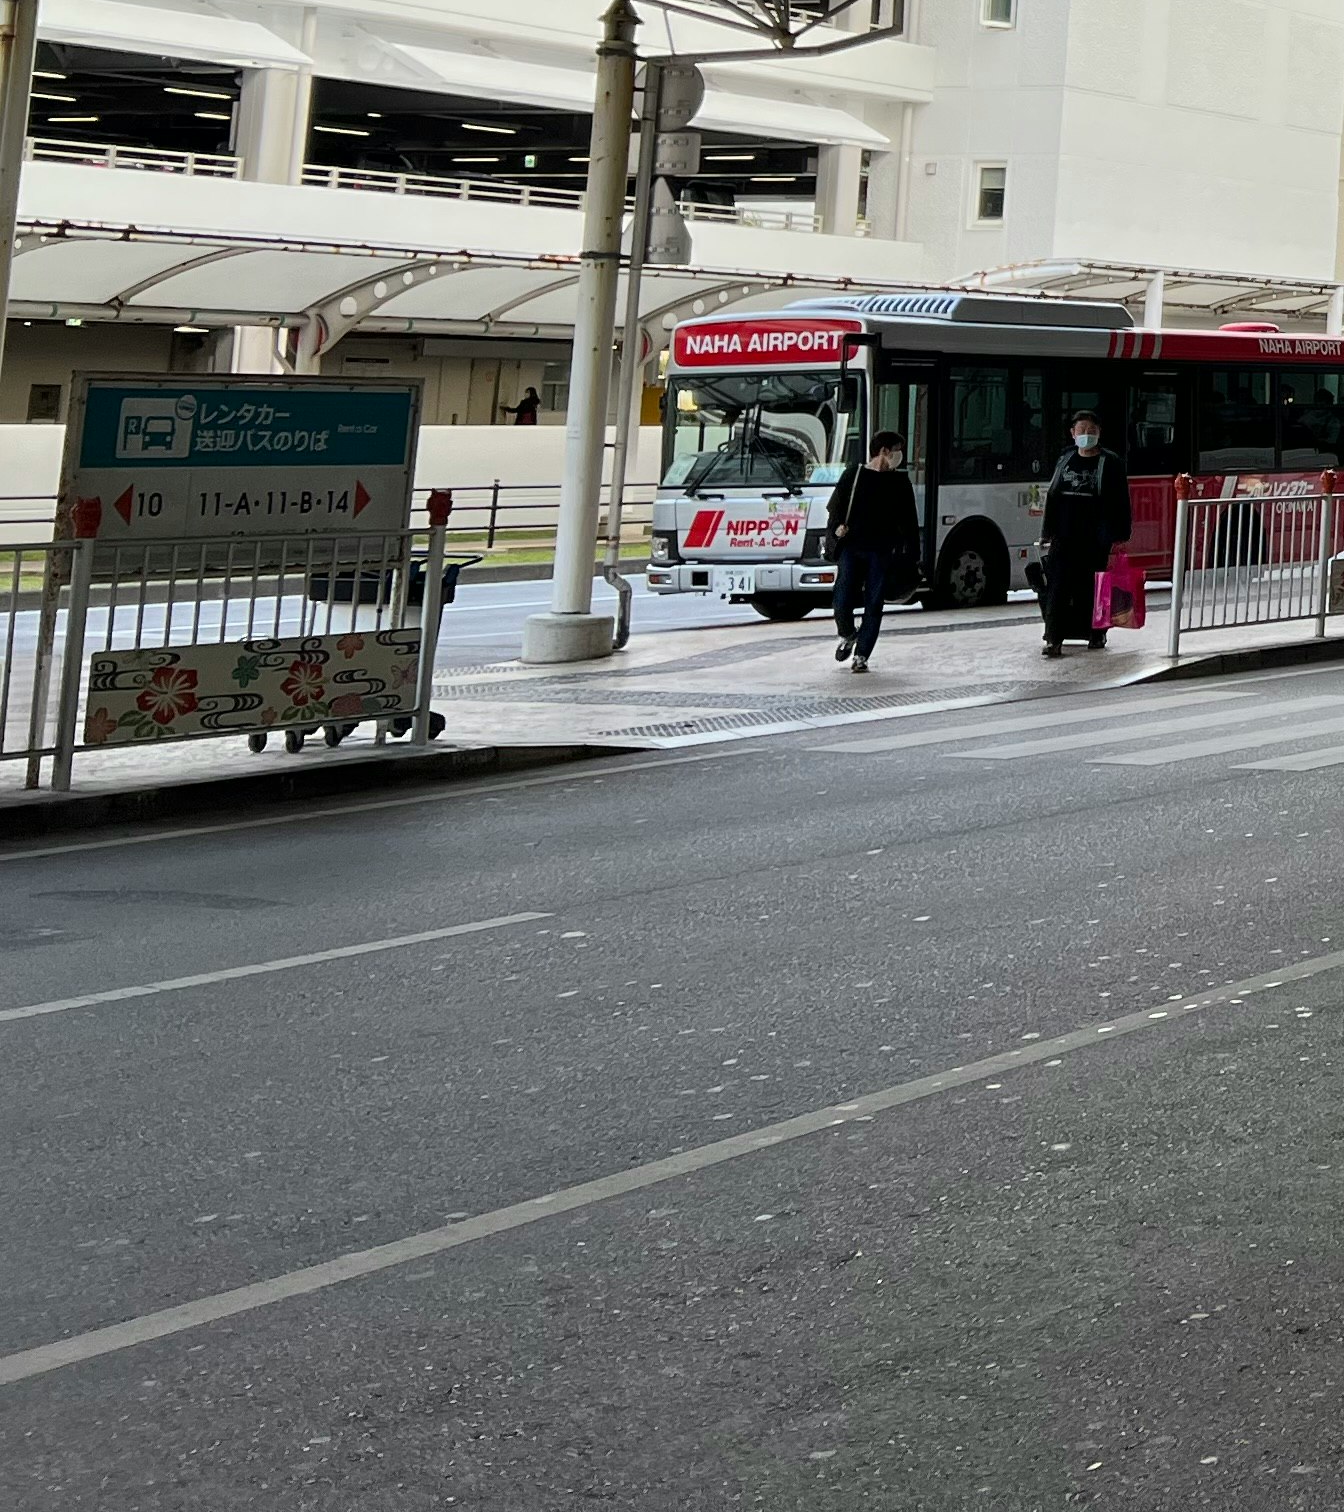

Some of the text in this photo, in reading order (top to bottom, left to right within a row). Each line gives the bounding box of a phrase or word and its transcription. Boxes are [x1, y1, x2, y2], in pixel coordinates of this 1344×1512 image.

[685, 330, 840, 355] NAHA AIRPORT
[1258, 338, 1342, 356] NAHA AIRPORT
[200, 402, 290, 425] レンタカー
[194, 430, 329, 451] 送迎バスのりば
[138, 492, 163, 517] 10
[726, 519, 799, 536] NIPPON
[729, 537, 790, 548] Rent-A-Car
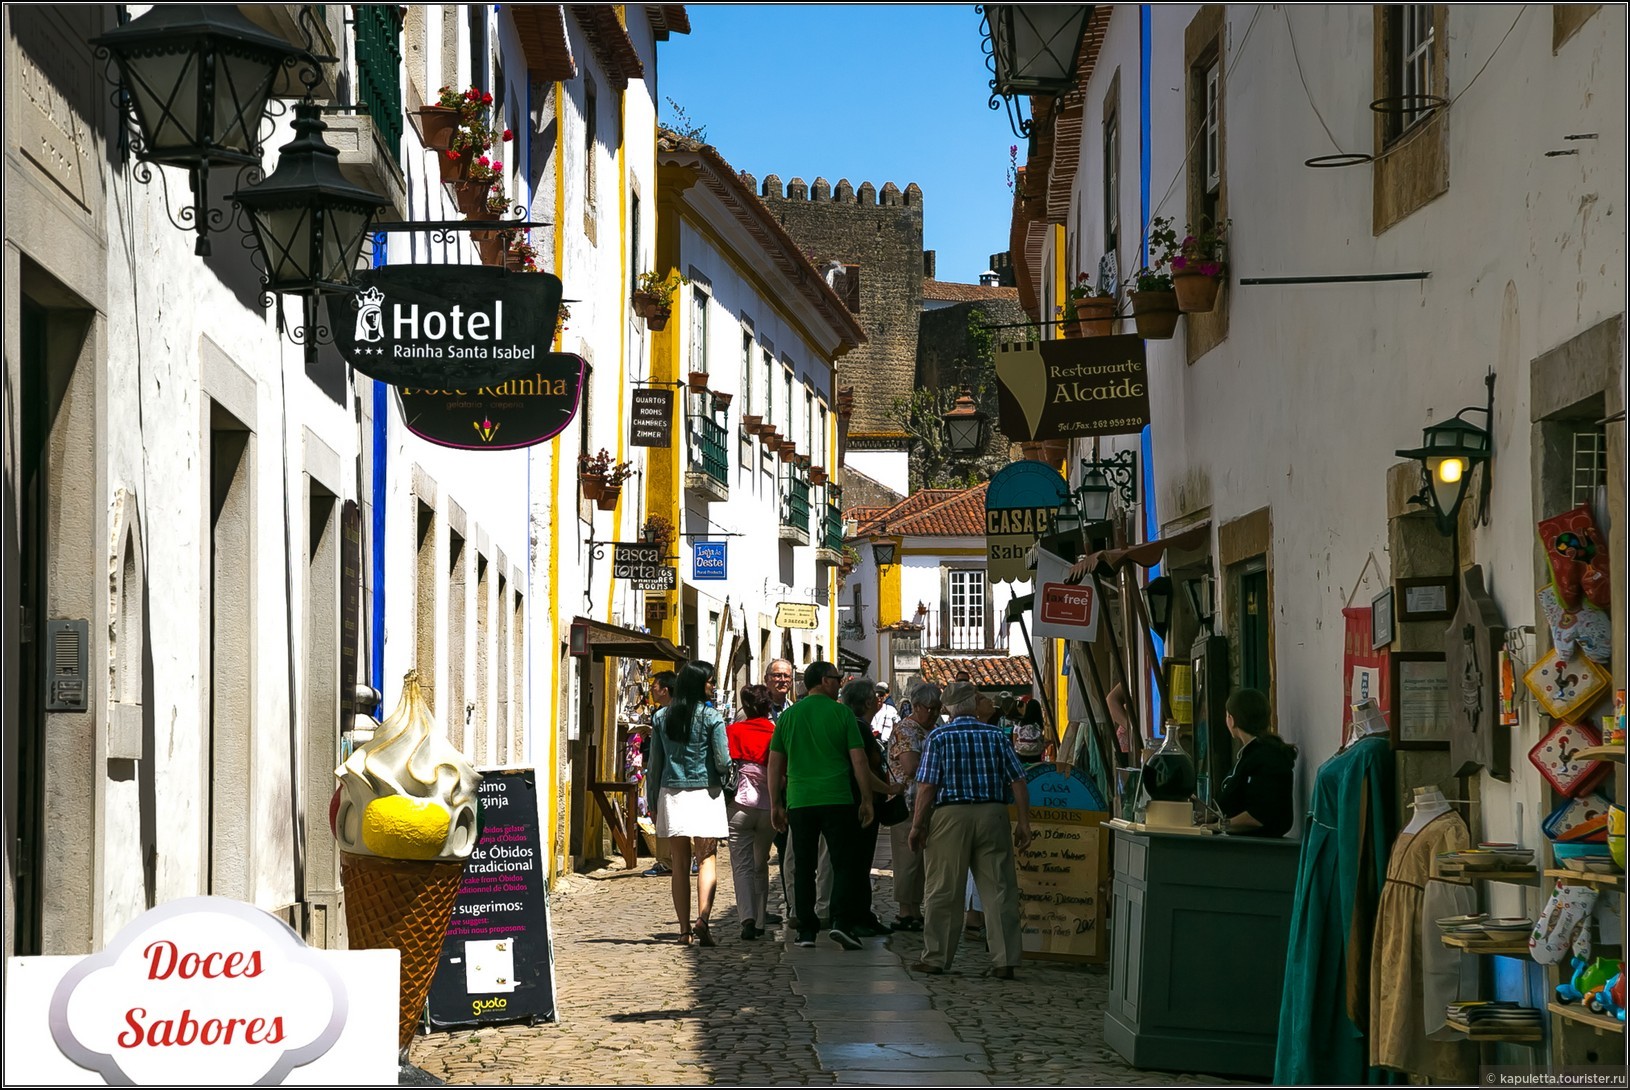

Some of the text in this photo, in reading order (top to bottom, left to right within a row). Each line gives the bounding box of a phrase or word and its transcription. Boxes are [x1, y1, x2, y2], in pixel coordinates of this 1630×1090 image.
════
Would you transcribe the whole listing above exactly? The pictures should not be included.

### ANSWER BELOW:
Some of the text in this photo, in reading order (top to bottom, left to right within a row). Each line gives the bounding box of a phrase or word and its transcription. Boxes are [x1, y1, x2, y2], in pixel coordinates of this 1344×1512 image.

[685, 330, 840, 355] NAHA AIRPORT
[1258, 338, 1342, 356] NAHA AIRPORT
[200, 402, 290, 425] レンタカー
[194, 430, 329, 451] 送迎バスのりば
[138, 492, 163, 517] 10
[726, 519, 799, 536] NIPPON
[729, 537, 790, 548] Rent-A-Car

Some of the text in this photo, in reading order (top to bottom, left to right within a row). Each line gives the bounding box of a phrase or word and its transcription. Boxes are [x1, y1, x2, y2], in pixel coordinates of this 1630×1090 image.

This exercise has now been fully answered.